— What you have to do —
An exact copy of the entries is required, with every image omitted.

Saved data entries
* * * * * * * * *

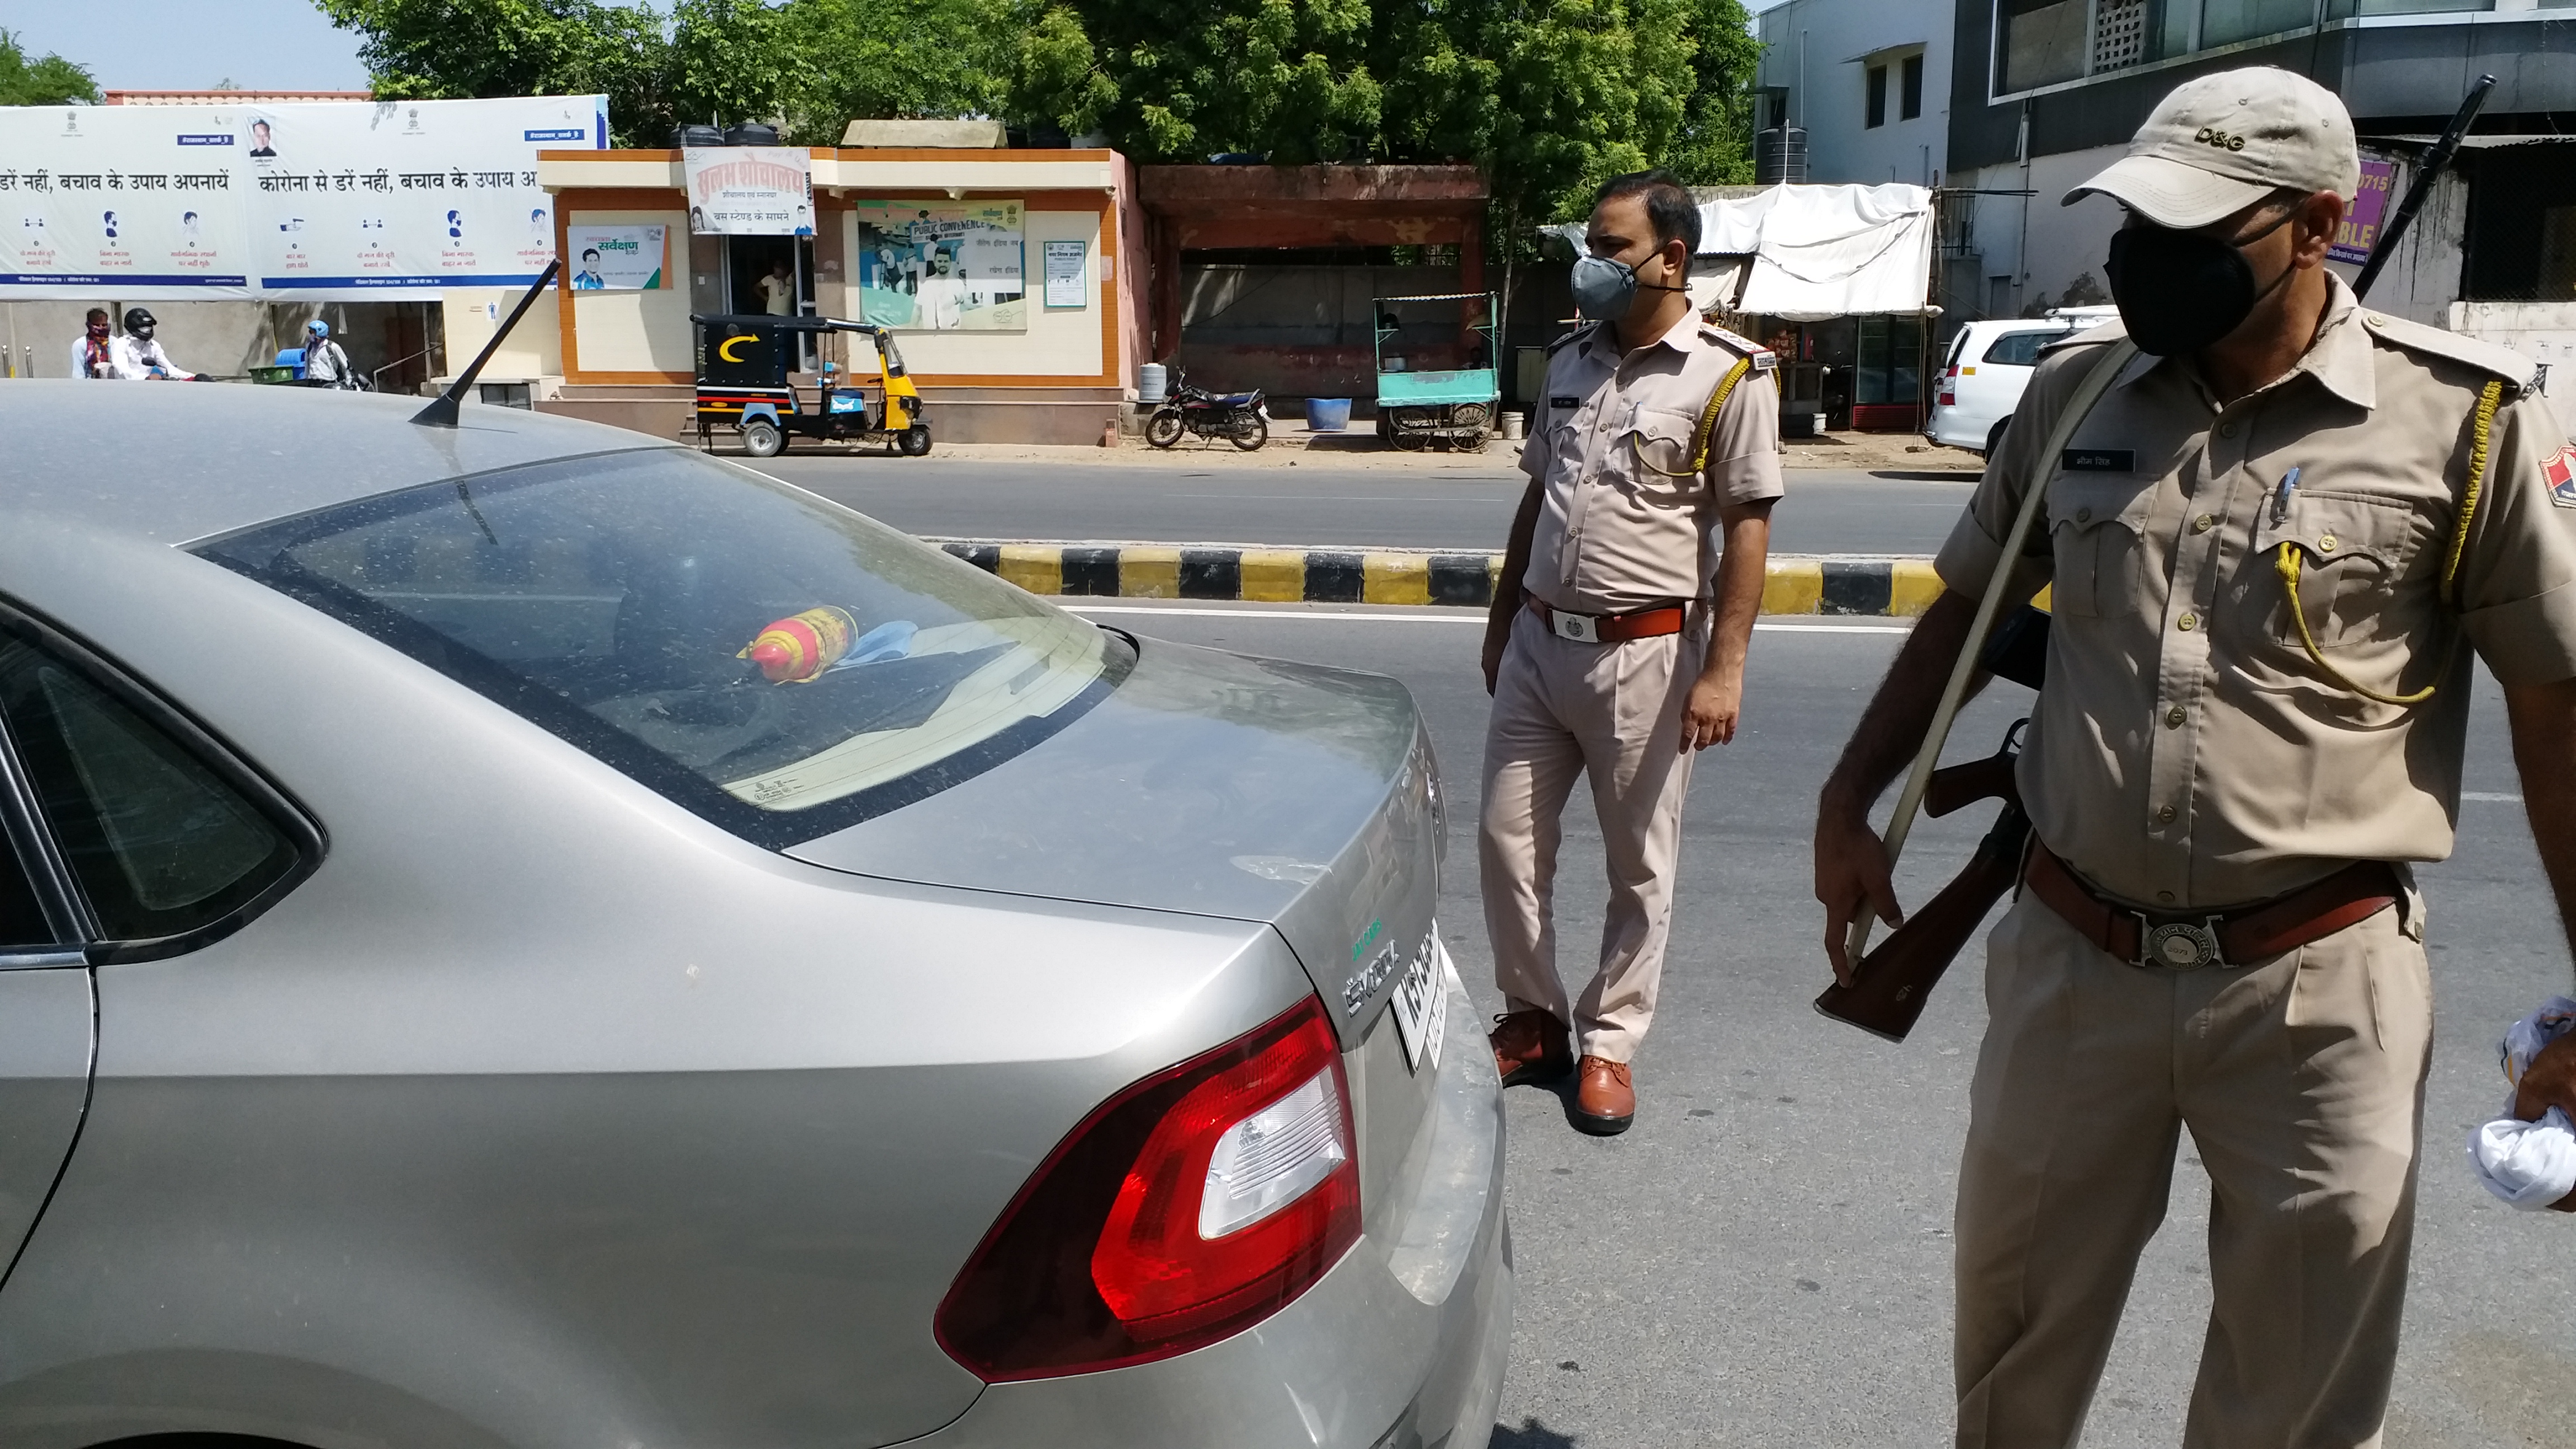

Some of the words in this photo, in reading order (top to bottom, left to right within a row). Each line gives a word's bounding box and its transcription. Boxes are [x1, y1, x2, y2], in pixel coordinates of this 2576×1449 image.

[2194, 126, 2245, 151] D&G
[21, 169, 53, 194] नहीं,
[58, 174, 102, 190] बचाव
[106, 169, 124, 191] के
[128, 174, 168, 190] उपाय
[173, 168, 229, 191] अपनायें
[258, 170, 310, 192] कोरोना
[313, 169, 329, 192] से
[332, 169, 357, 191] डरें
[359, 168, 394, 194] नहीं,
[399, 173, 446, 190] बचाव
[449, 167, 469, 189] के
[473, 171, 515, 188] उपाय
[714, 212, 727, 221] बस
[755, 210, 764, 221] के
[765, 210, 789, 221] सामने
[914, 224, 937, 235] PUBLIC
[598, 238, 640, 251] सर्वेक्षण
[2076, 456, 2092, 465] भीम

* * * * * * * * *

— Result of the task —
Some of the words in this photo, in reading order (top to bottom, left to right within a row). Each line gives a word's bounding box and its transcription. Boxes are [x1, y1, x2, y2], in pixel coordinates of this 2576×1449 image.

[2194, 126, 2245, 151] D&G
[21, 169, 53, 194] नहीं,
[58, 174, 102, 190] बचाव
[106, 169, 124, 191] के
[128, 174, 168, 190] उपाय
[173, 168, 229, 191] अपनायें
[258, 170, 310, 192] कोरोना
[313, 169, 329, 192] से
[332, 169, 357, 191] डरें
[359, 168, 394, 194] नहीं,
[399, 173, 446, 190] बचाव
[449, 167, 469, 189] के
[473, 171, 515, 188] उपाय
[714, 212, 727, 221] बस
[755, 210, 764, 221] के
[765, 210, 789, 221] सामने
[914, 224, 937, 235] PUBLIC
[598, 238, 640, 251] सर्वेक्षण
[2076, 456, 2092, 465] भीम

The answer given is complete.